During a recent winter afternoon, fewer than two dozen visitors--nearly all of them white--walked through the mansion as tour guides explained how slaves built furniture and cooked meals for Jefferson and his guests at Monticello. Surveys commissioned by the estate show that African Americans account for less than 3% of all visitors.

Small as that number might be, it’s at least double the number who would have been at Monticello before officials began including slaves in their presentations, said Dianne Swann-Wright, who directs the estate’s oral history project.

“Many of us [African Americans] don’t want to talk about slavery because we see it as such a painful event,” she said, adding that tours conducted as recently as 1980 ignored slavery at Monticello. “We’re doing a disservice to our history and our ancestors when we refuse to look at how they lived every day.”

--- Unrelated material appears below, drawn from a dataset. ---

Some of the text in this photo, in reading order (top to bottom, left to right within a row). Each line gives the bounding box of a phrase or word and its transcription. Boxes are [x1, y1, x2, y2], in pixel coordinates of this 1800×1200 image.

The work at Monticello is similar to efforts underway at other historic landmarks and tourist attractions. In most cases, curators say they want to present a more complete picture of history and use what they are learning about slavery to help black and white Americans see themselves as players in the nation’s story.

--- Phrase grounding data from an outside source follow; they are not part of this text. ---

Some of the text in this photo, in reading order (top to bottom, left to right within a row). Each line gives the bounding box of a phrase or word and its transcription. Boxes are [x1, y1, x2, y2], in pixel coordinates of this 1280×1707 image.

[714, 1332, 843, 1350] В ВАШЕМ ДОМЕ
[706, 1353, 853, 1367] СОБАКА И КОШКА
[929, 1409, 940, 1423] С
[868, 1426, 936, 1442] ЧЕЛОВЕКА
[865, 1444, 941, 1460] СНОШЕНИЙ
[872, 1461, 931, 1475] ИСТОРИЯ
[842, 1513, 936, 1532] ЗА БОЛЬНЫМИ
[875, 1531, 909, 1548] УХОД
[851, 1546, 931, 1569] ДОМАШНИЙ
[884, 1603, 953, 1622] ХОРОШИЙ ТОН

In recent years, officials at Colonial Williamsburg hired actors to reenact a slave auction, complete with black families being split and sold at market. Curators of the Library of Congress staged an exhibition of rare photographs of Southern plantation life with slaves working under the gun of a white overseer. Often, just discussion of these presentations draws fire from blacks. But officials say they will continue to press on because they know more about the history of slavery.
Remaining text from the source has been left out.